== Task instructions ==
Output the data as it stands. Each line must match exactly.

== Raw data ==

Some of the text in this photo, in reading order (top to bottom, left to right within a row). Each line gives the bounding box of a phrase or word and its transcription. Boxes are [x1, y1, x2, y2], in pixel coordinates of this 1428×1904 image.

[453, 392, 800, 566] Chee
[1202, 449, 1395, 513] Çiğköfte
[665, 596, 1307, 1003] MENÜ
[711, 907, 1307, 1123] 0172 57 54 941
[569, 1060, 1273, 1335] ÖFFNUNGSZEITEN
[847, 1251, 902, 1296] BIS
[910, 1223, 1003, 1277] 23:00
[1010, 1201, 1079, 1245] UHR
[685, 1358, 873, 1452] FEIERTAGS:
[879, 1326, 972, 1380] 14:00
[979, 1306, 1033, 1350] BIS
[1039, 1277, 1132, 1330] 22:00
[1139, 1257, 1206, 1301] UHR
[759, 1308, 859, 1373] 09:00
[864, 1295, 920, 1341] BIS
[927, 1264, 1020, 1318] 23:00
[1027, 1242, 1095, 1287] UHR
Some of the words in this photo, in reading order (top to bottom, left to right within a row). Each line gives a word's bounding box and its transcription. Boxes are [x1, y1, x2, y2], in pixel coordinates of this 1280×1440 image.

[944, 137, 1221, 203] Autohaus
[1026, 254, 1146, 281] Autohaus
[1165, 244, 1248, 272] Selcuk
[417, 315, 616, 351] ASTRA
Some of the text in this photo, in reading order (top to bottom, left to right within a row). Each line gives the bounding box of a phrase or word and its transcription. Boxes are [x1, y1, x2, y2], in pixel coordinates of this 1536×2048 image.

== Response below ==
Some of the text in this photo, in reading order (top to bottom, left to right within a row). Each line gives the bounding box of a phrase or word and its transcription. Boxes are [x1, y1, x2, y2], in pixel coordinates of this 1428×1904 image.

[453, 392, 800, 566] Chee
[1202, 449, 1395, 513] Çiğköfte
[665, 596, 1307, 1003] MENÜ
[711, 907, 1307, 1123] 0172 57 54 941
[569, 1060, 1273, 1335] ÖFFNUNGSZEITEN
[847, 1251, 902, 1296] BIS
[910, 1223, 1003, 1277] 23:00
[1010, 1201, 1079, 1245] UHR
[685, 1358, 873, 1452] FEIERTAGS:
[879, 1326, 972, 1380] 14:00
[979, 1306, 1033, 1350] BIS
[1039, 1277, 1132, 1330] 22:00
[1139, 1257, 1206, 1301] UHR
[759, 1308, 859, 1373] 09:00
[864, 1295, 920, 1341] BIS
[927, 1264, 1020, 1318] 23:00
[1027, 1242, 1095, 1287] UHR
Some of the words in this photo, in reading order (top to bottom, left to right within a row). Each line gives a word's bounding box and its transcription. Boxes are [x1, y1, x2, y2], in pixel coordinates of this 1280×1440 image.

[944, 137, 1221, 203] Autohaus
[1026, 254, 1146, 281] Autohaus
[1165, 244, 1248, 272] Selcuk
[417, 315, 616, 351] ASTRA
Some of the text in this photo, in reading order (top to bottom, left to right within a row). Each line gives the bounding box of a phrase or word and its transcription. Boxes are [x1, y1, x2, y2], in pixel coordinates of this 1536×2048 image.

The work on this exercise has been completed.